Specific Aim 1 will test the hypothesis that 1-ClFALD metabolites are candidate mediators and biomarkers of atherosclerosis. Mass spectrometry- based screens will be employed to identify 1-ClFALD metabolites in human monocytes and macrophages, as well as human atherosclerotic tissue. A case-control study will be performed to identify metabolites of 1- ClFALD as biomarkers of human coronary artery disease. 1-ClFALD metabolites will also be identified in atherosclerotic tissue and plasma from LDL receptor-/- mice on an atherogenic diet that overexpress human MPO in their macrophages.
Specific Aim 2 will test the hypothesis that 1-ClFALD metabolites mediate pro-inflammatory and proatherogenic mechanisms. Mechanisms responsible for chlorinated lipid mediated eNOS dysfunction will be examined. The role of 1-ClFALD metabolites as mediators for the release of pro-inflamma- tory cytokines will be examined. A sub-hypothesis of Aim 2 is that chlorinated lipid metabolites increase de novo ceramide biosynthesis and subsequent apoptosis.
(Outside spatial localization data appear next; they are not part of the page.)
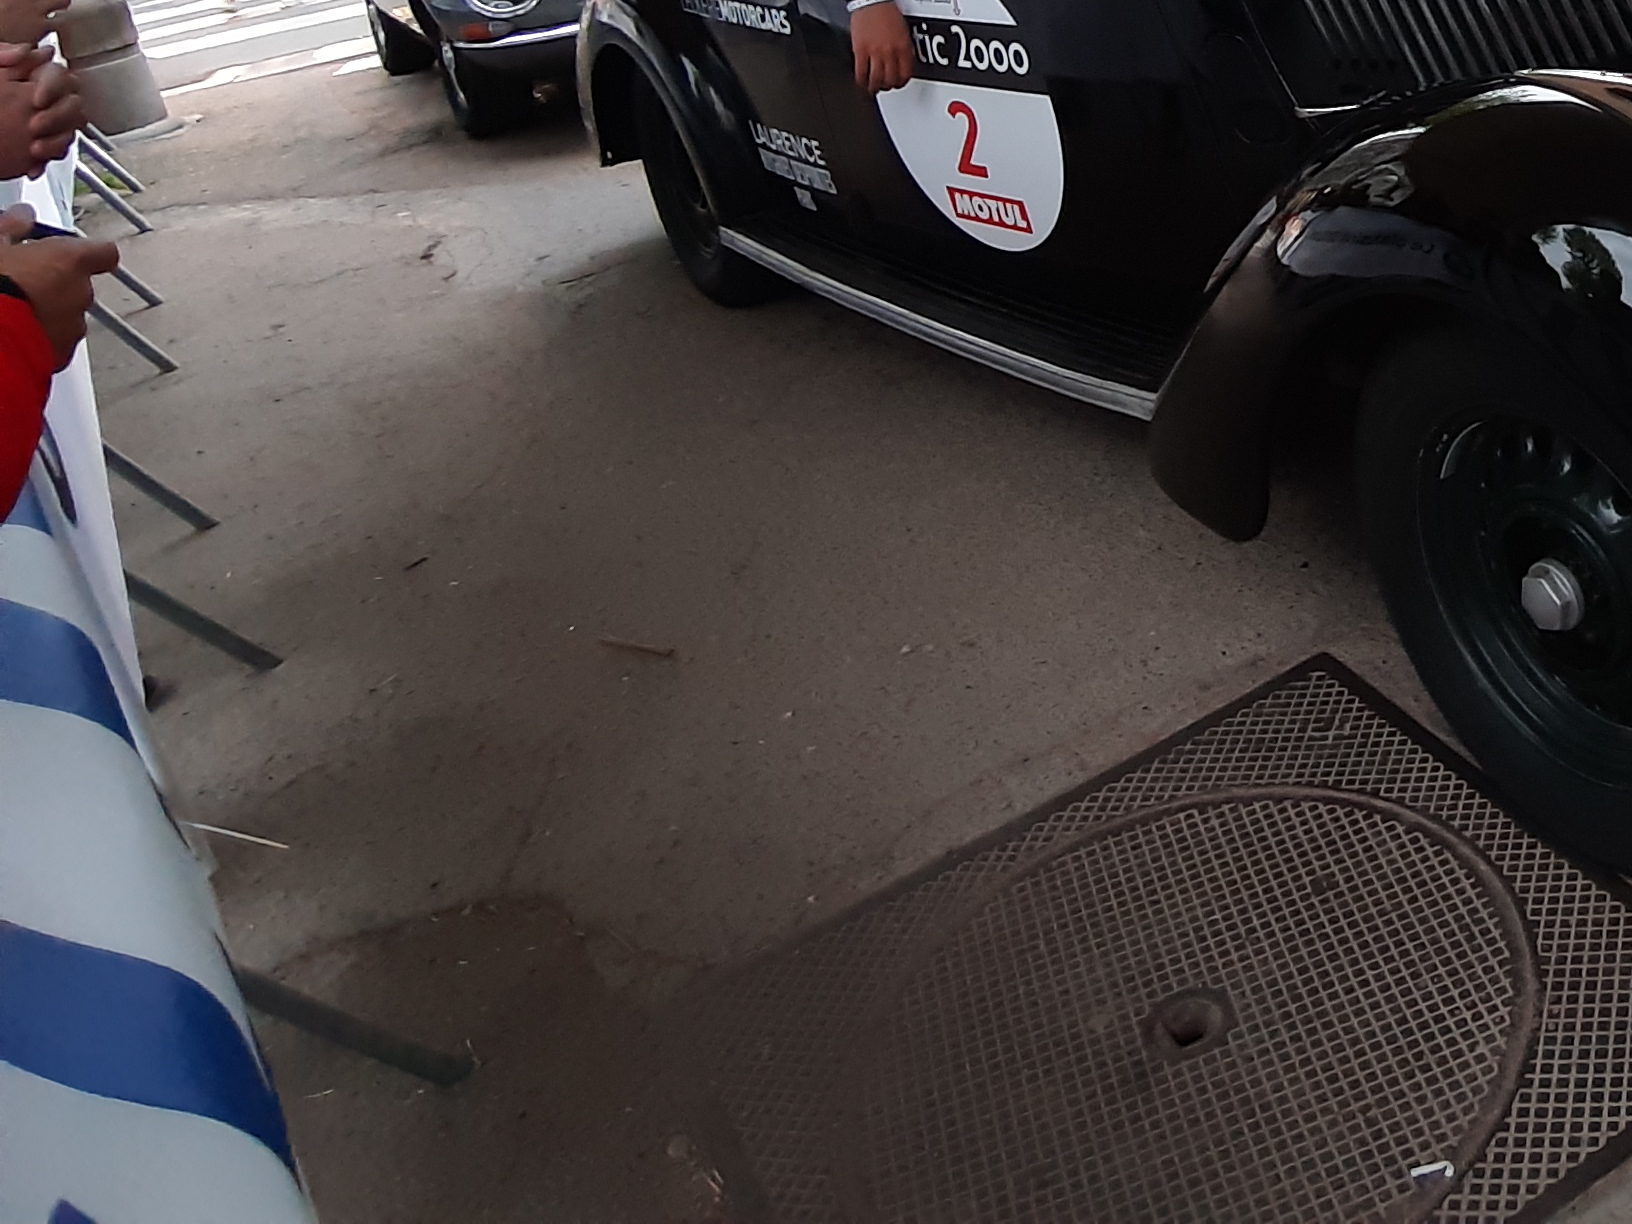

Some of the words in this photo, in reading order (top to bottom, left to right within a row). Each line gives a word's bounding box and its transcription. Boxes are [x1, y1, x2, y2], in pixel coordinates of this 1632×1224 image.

[911, 22, 949, 66] tic
[950, 24, 1030, 76] 2000
[748, 119, 827, 166] LAURENCE
[947, 100, 989, 179] 2
[953, 191, 1028, 229] MOTUL
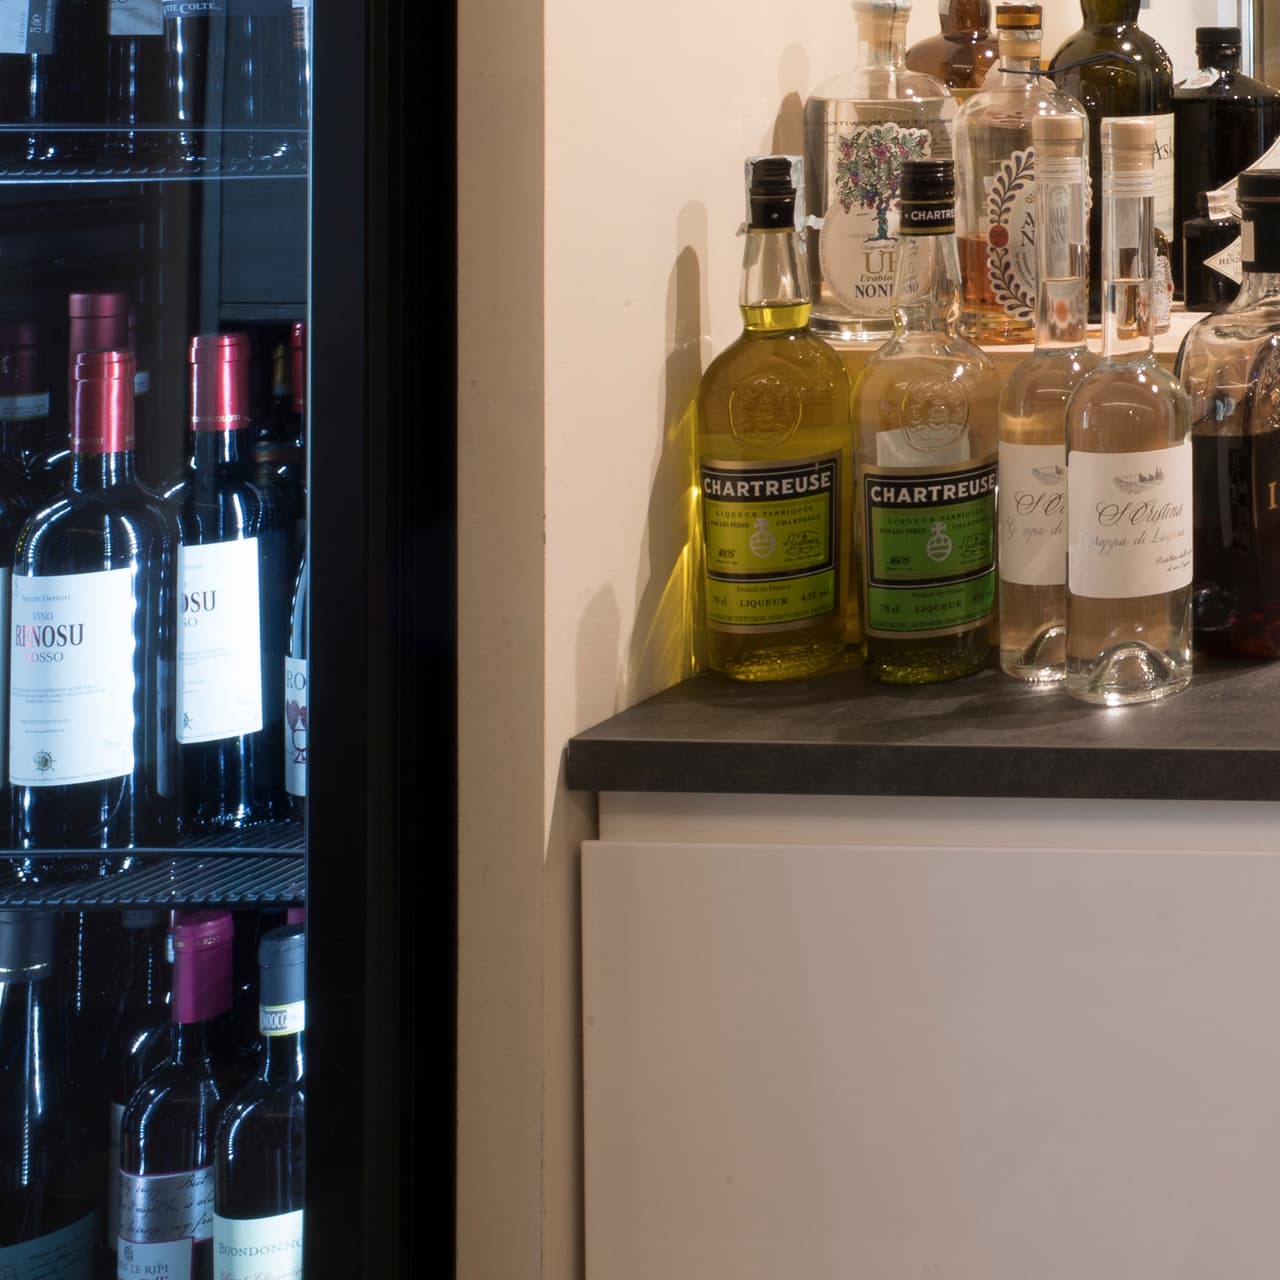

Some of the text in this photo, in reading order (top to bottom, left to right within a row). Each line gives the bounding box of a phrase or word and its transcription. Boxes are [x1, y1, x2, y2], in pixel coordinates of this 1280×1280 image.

[703, 472, 831, 497] CHARTREUSE
[870, 473, 996, 503] CHARTREUSE
[1133, 529, 1146, 546] di
[739, 597, 789, 609] LIQUEUR
[914, 601, 963, 615] LIQUEUR
[144, 1263, 169, 1275] RIPI
Specific Aim 3 will test the hypothesis that chlorinated lipids cause atherosclerosis. Atherosclerosis will be examined in apo E-/- and LDL receptor-/- mice that are fed chow and pro-atherogenic diets that are supplemented with 2-chloropalmitic acid. Plasma and urine levels of chlorinated lipid metabolites, as well as the level of atherosclerosis, will be compared to those levels in both hMPO and MPO-/- mice on pro-atherogenic diets in studies from Aim 1. Taken together, the proposed studies will use a multi-disciplinary approach to identify chlorinated lipid species as novel mediators of atherosclerosis.
Cardiovascular disease is the leading cause of death and morbidity in industrialized nations. Understanding the biochemical mechanisms leading to atherosclerosis may lead to new therapies and the development of new biomarkers. In this proposal we will test the hypothesis that novel chlorinated lipid species are important mediators of atherosclerosis.